Value-Based Purchasing: Non-Payment for Hospital-Acquired Conditions
Author: Kathy A. Jankowski, Walt Zywiak and Jane Metzger
An important operative in healthcare reform is VBP (value-based purchasing), which is pressuring hospitals to improve and report, and encouraging consumers to purchase healthcare based on outcomes quality; and a current VBP focal point is the CMS HAC payment adjustment provision, which denies claims payment upgrades for selected HACs (hospital-acquired conditions). For discharges on and after October 1, 2008, the provision requires CMS to adjust Medicare hospital claim payments when specified HACs are not POA (present on admission).

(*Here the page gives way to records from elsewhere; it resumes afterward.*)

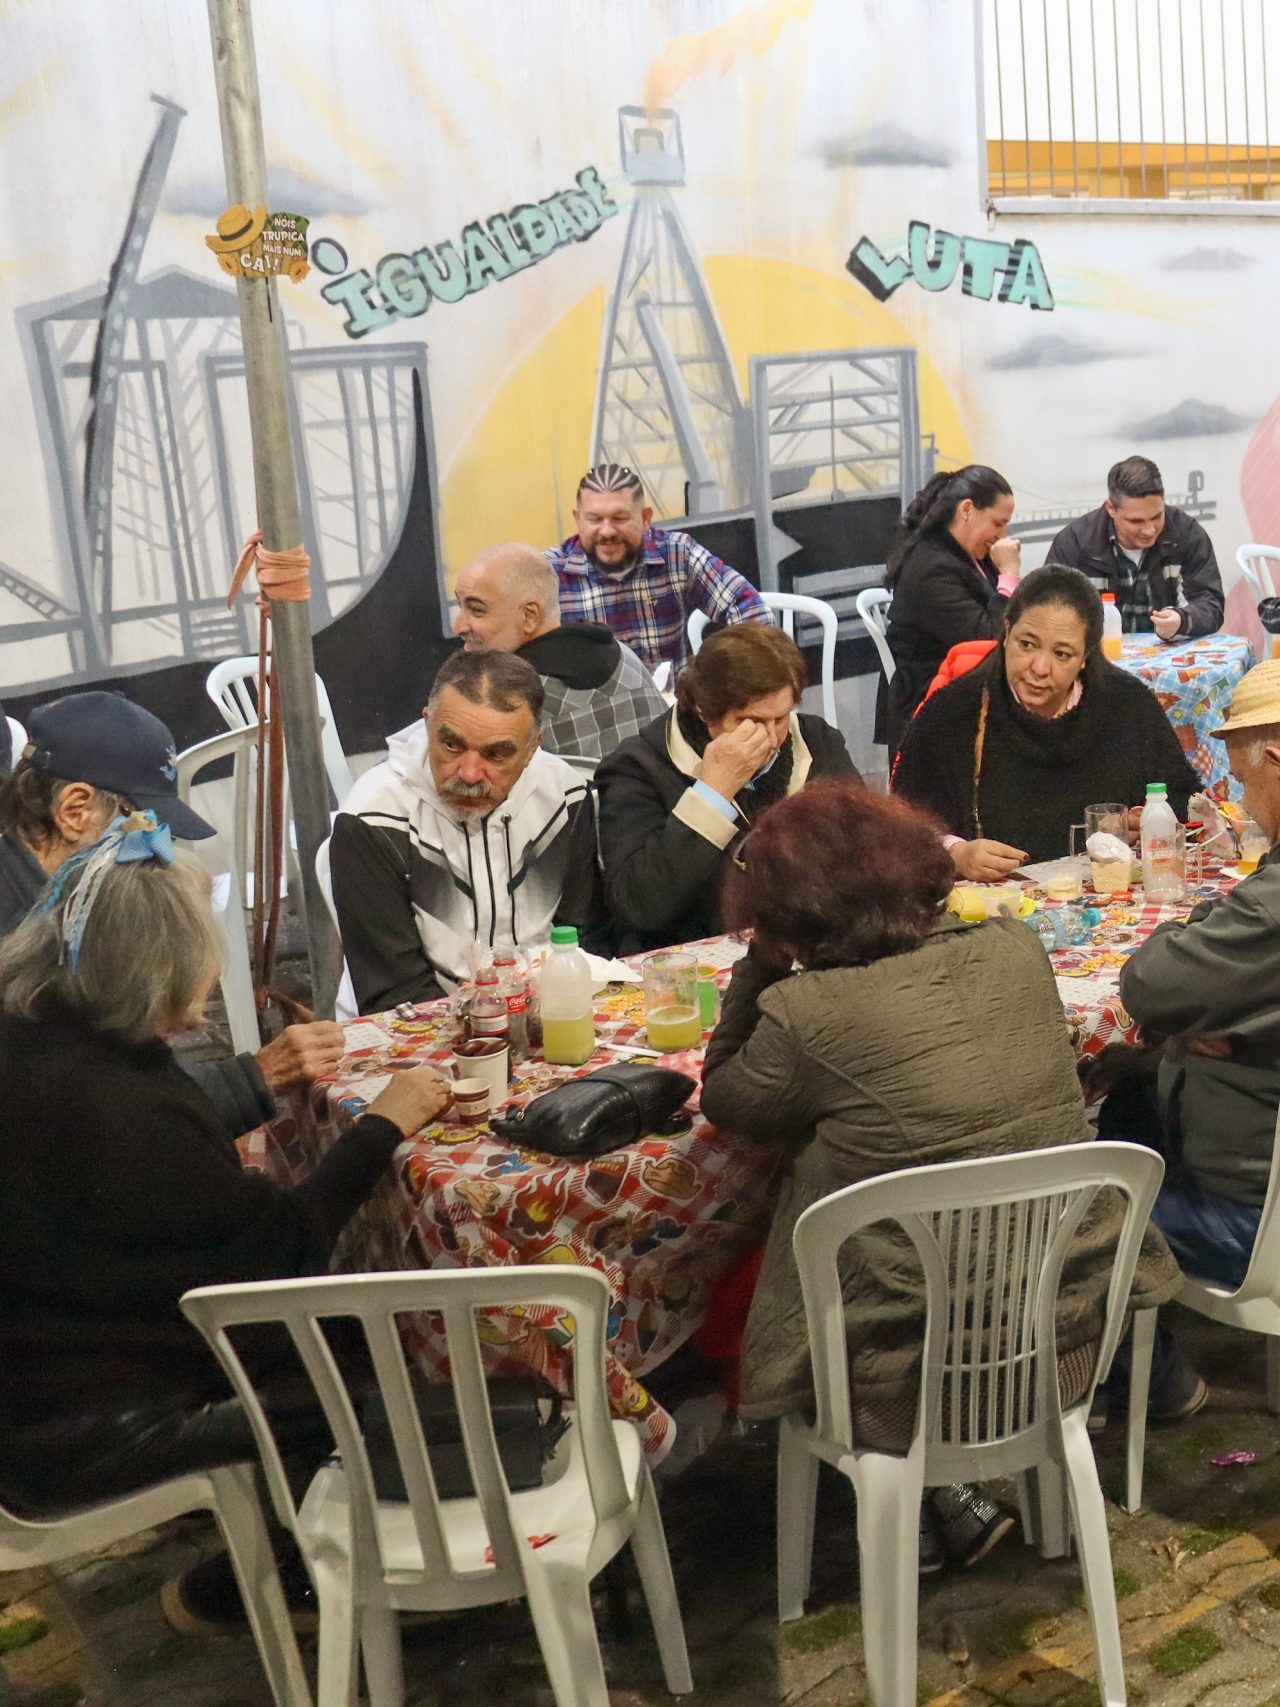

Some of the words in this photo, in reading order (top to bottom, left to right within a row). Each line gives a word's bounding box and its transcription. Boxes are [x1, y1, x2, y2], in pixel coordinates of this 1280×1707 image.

[274, 216, 296, 229] NÓIS
[262, 231, 304, 242] TRUPICA
[263, 244, 282, 254] MAIS
[283, 247, 302, 257] NUM
[846, 220, 1054, 311] LUTA
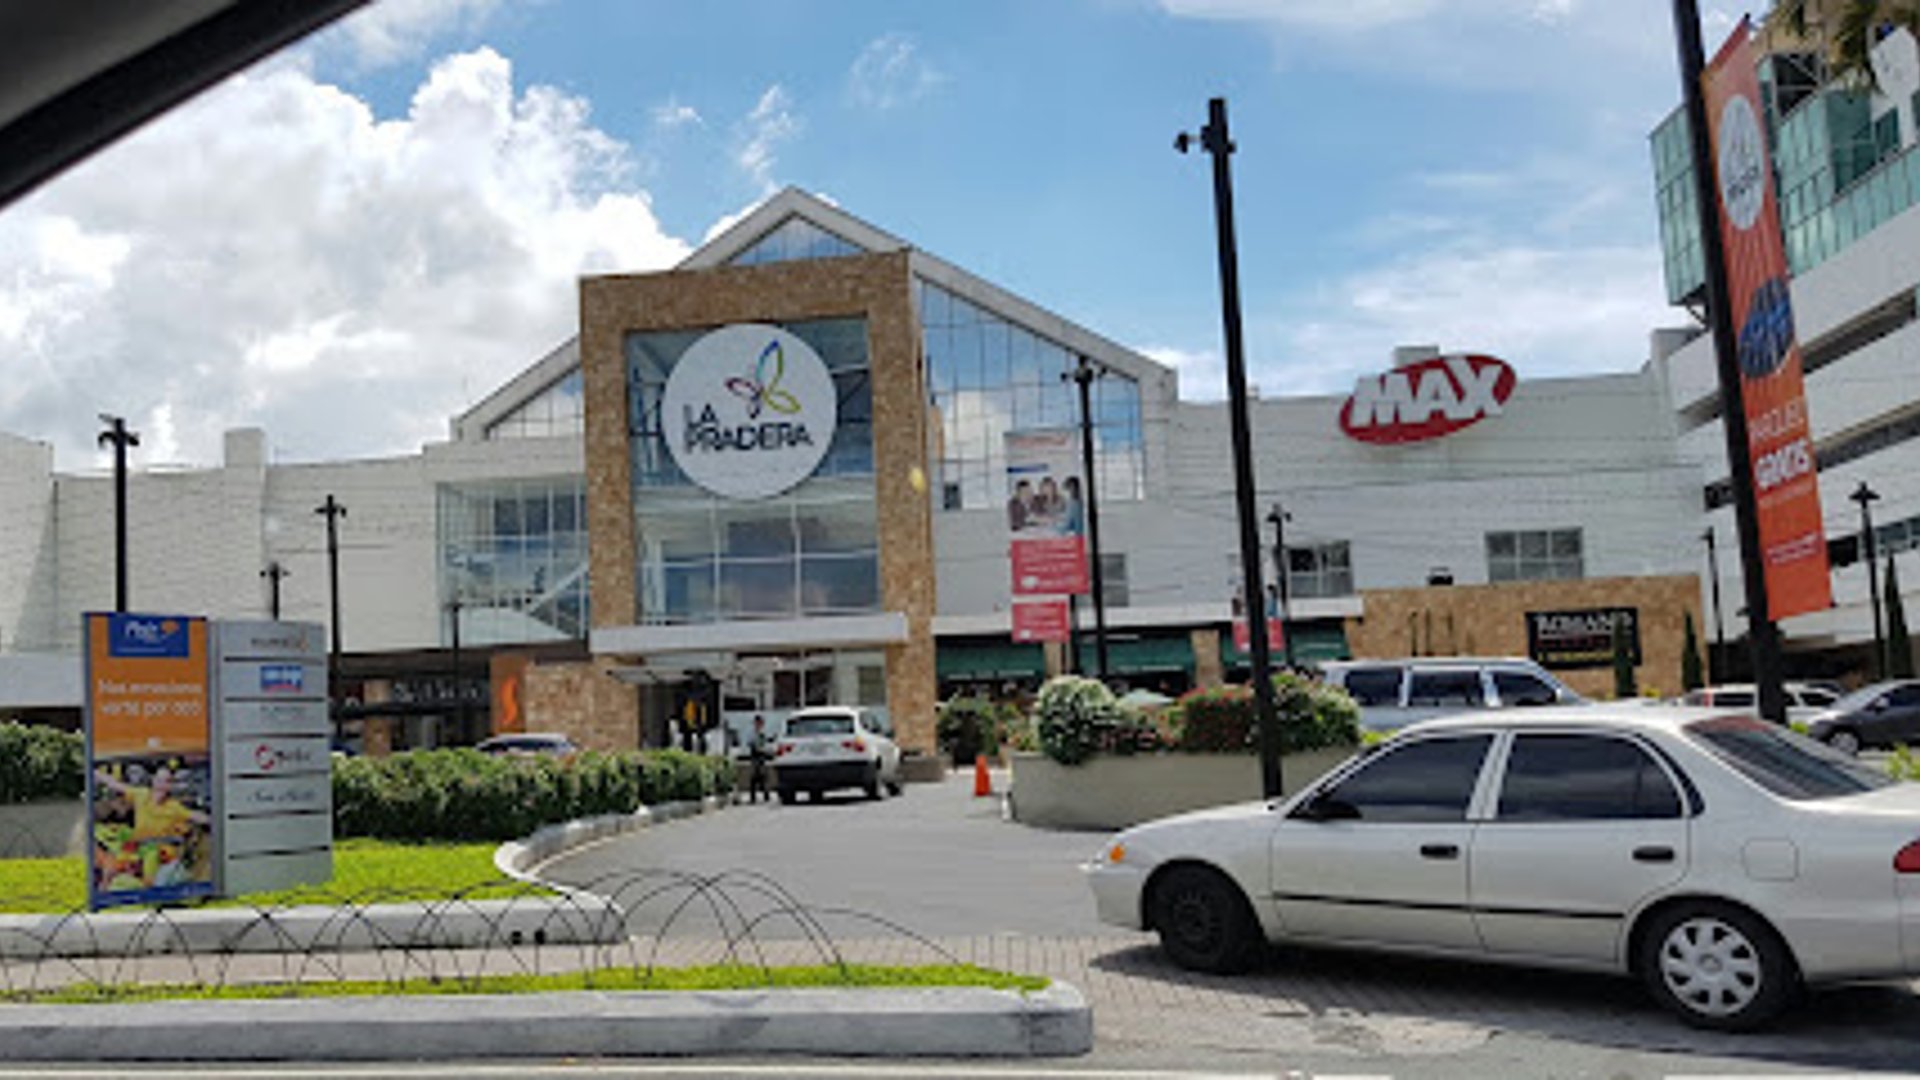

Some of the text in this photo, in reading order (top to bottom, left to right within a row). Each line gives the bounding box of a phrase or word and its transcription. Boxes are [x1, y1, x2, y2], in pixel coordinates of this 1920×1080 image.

[1350, 356, 1503, 428] MAX
[683, 403, 719, 428] LA
[683, 422, 814, 454] PRADERA

This white paper discusses claims POA reporting requirements, payment adjustment criteria, and mechanics associated with HAC payment adjustments. It also identifies and discusses other payer responses, hospital workflows affected, how hospitals are responding, and how both HAC payment adjustment demands and responses are related to overall VBP and never event management initiatives
Consistent with the history of other major shifts in approaches to healthcare reimbursement in the U.S., the country’s largest payer — Centers for Medicare & Medicaid Services (CMS) — is leading the way with changes to the Medicare program. Authorized by Congress in the Deficit Reduction Act of 2005, CMS has been building upon the Reporting Hospital Quality Data for Annual Payment Update (RHQDAPU) Program, which provided differential payments to hospitals reporting their performance according to a defined set of quality measures (core measures), to put in place a new program beginning in FY 2009 that includes both public reporting and financial incentives for better performance. The intent is to use the combination of transparency and financial incentives to drive improvements in clinical quality, patient-centeredness and efficiency. This is part of the larger CMS initiative to alter reimbursement regulations for hospitals, including the Recovery Audit Contractor (RAC) program, Medicare Severity- DRGs (MS-DRGs), and Medicare rate increases pegged to performance on core measures.